• SUPPLIED INFORMATION:
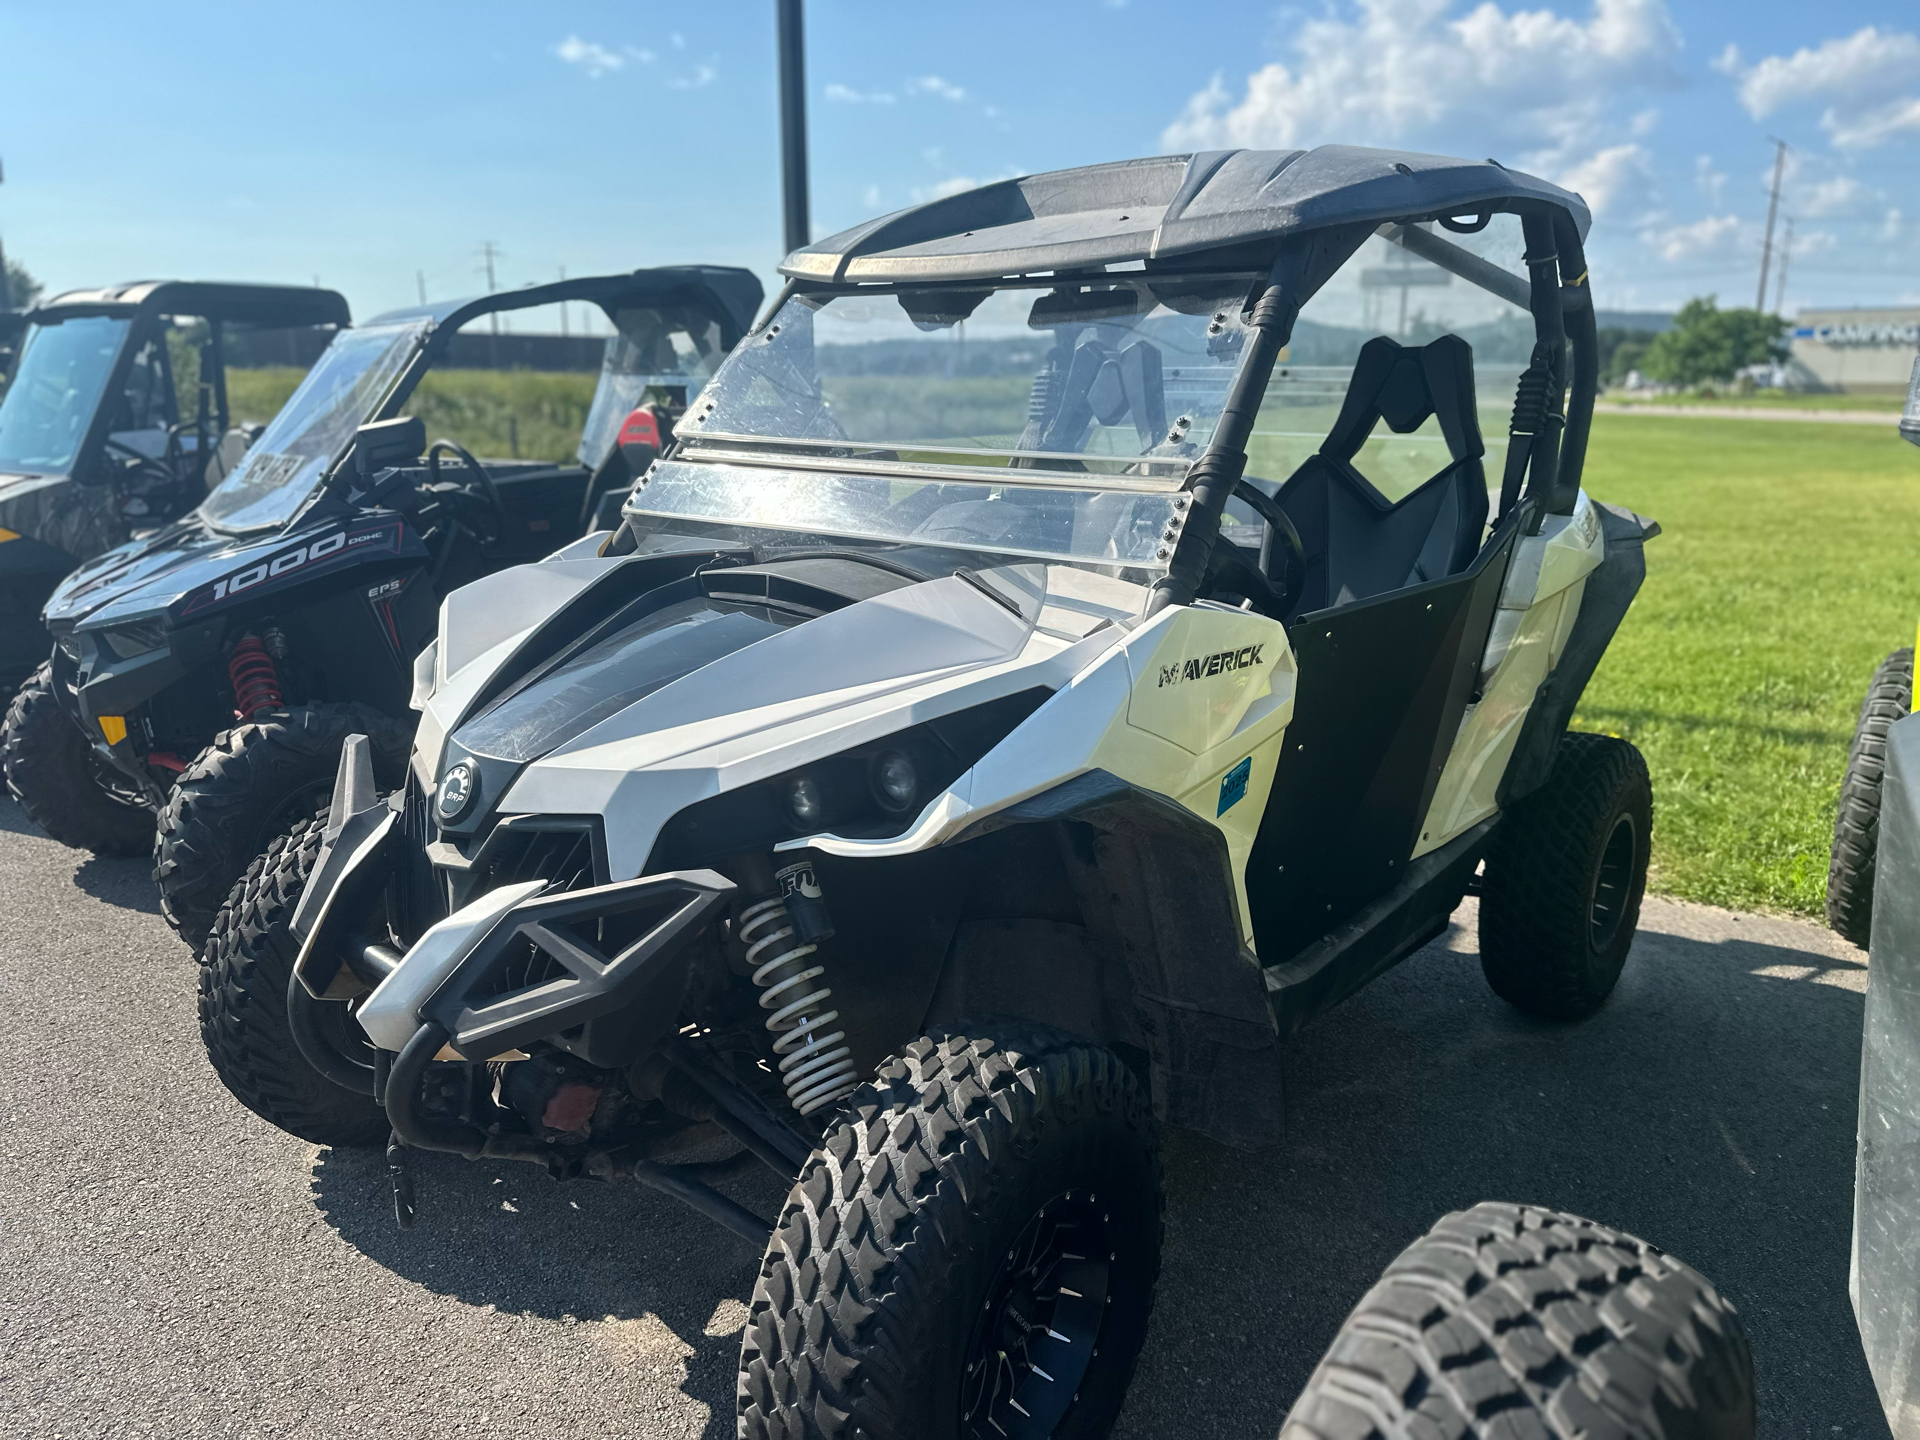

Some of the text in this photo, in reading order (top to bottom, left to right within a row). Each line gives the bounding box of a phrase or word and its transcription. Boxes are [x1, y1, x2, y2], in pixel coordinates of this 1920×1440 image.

[213, 531, 383, 601] 1000 DOHC
[368, 579, 400, 598] EPS
[1158, 643, 1265, 688] MAVERICK
[446, 791, 464, 802] BRP
[1221, 769, 1249, 801] 2025
[779, 867, 819, 899] FO

• WORK INSTRUCTIONS: An exact retyping of each record, with no pictures, is the answer required.

• EXERCISE ANSWER:
Some of the text in this photo, in reading order (top to bottom, left to right within a row). Each line gives the bounding box of a phrase or word and its transcription. Boxes are [x1, y1, x2, y2], in pixel coordinates of this 1920×1440 image.

[213, 531, 383, 601] 1000 DOHC
[368, 579, 400, 598] EPS
[1158, 643, 1265, 688] MAVERICK
[446, 791, 464, 802] BRP
[1221, 769, 1249, 801] 2025
[779, 867, 819, 899] FO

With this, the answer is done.